5. Payments. In addition to Buyer’s obligations to make the payments set forth in Section 2 above, Buyer shall pay to Seller an aggregate amount of $150,000 to be paid upon execution and delivery of this Agreement by Seller to Buyer on the Effective Date; provided, however, that the Cash Consideration described in Section 2 shall be deemed paid upon receipt of the Buyer’s payment under this section.

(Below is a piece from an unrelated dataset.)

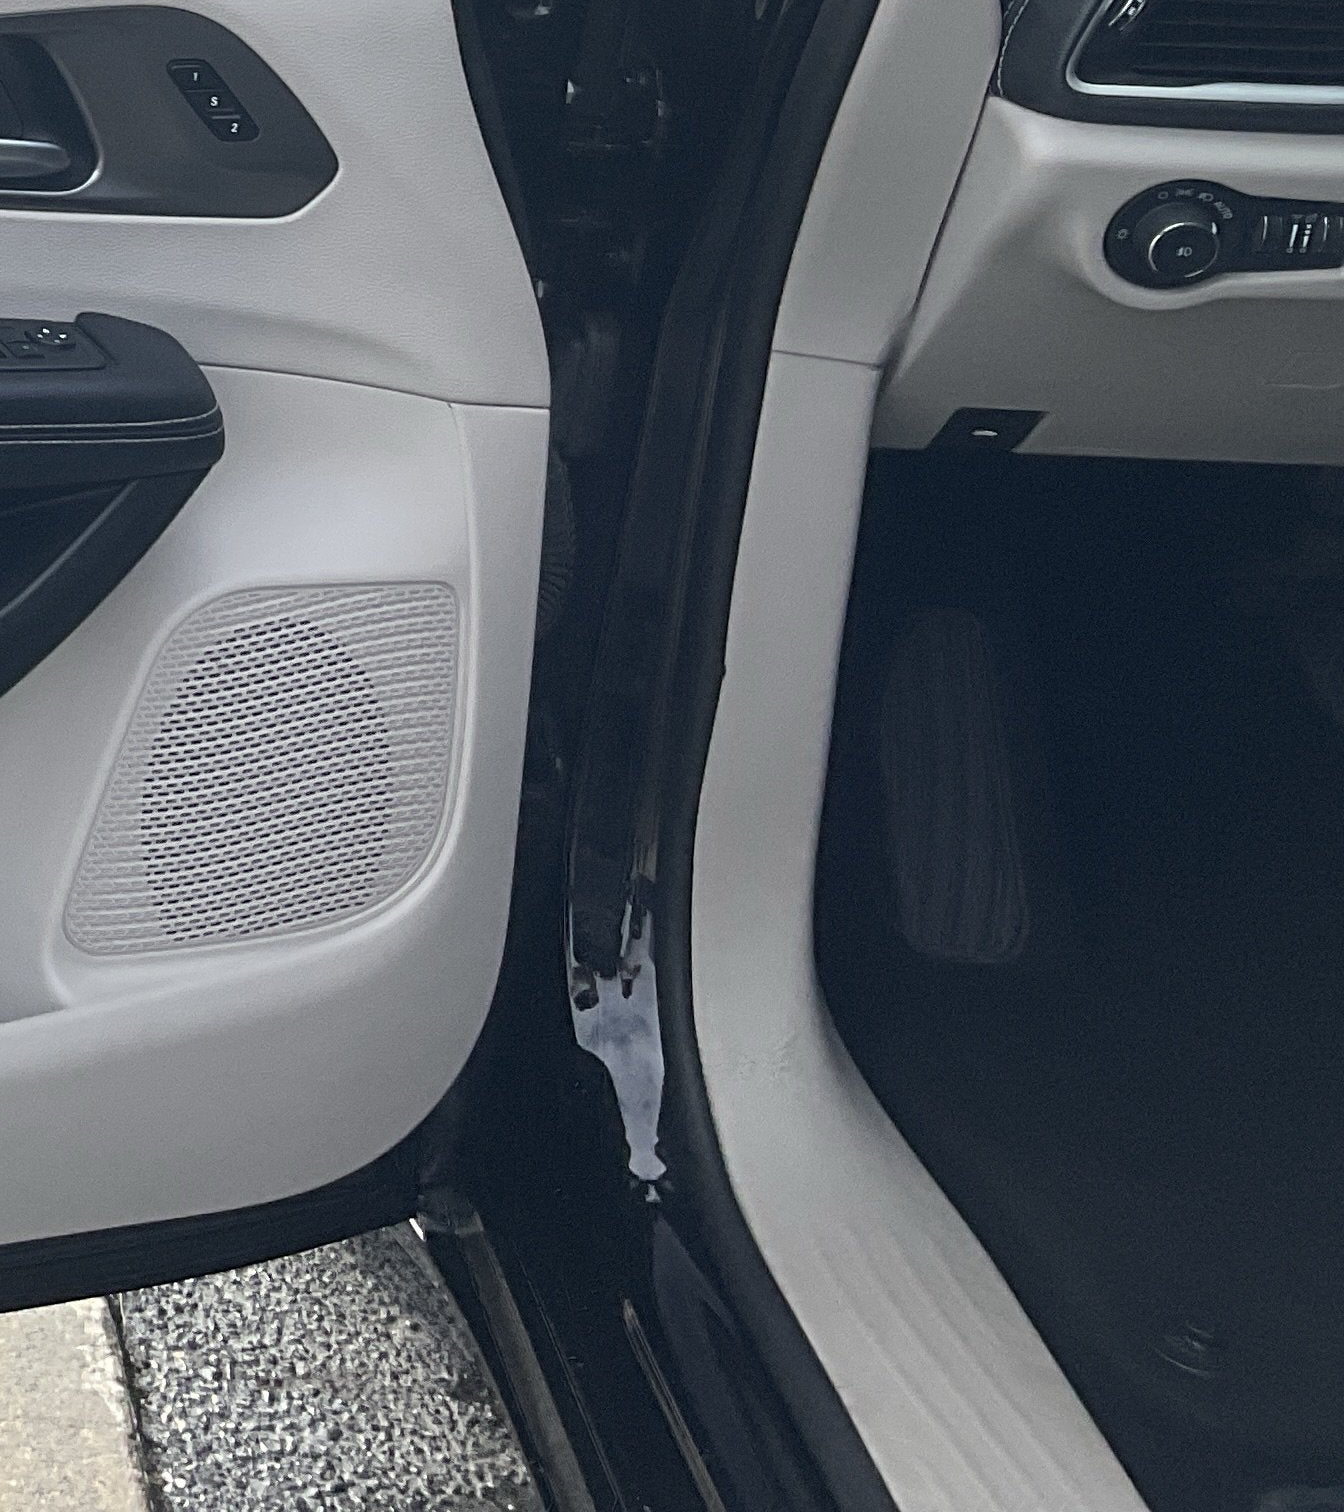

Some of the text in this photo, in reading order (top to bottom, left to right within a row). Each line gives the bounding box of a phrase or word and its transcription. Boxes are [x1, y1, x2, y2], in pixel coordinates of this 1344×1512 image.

6. Royalty Payments. Buyer further agrees to make the following royalty payments to Seller:

 

  (a) a one time cash payment of $100,000 upon aggregate Net Product Sales first exceeding $5,000,000; and

 

  (b) a one time cash payment of $100,000 upon aggregate Net Product Sales first exceeding $10,000,000; and

 

  (c) 2% of Net Product Sales until such time that Annual Net Product Sales first exceeds $10,000,000; and

 

  (d) 3% of Net Product Sales from such time that Annual Net Product Sales first exceeds $10,000,000 until such time that Annual Net Product Sales first exceeds $25,000,000; and

 

  (e) 4% of Net Product Sales from such time that Annual Net Product Sales first exceeds $25,000,000 until such time that Annual Net Product Sales first exceeds $50,000,000; and

 

  (f) 5% of Net Product Sales from such time that Annual Net Product Sales first exceeds $50,000,000.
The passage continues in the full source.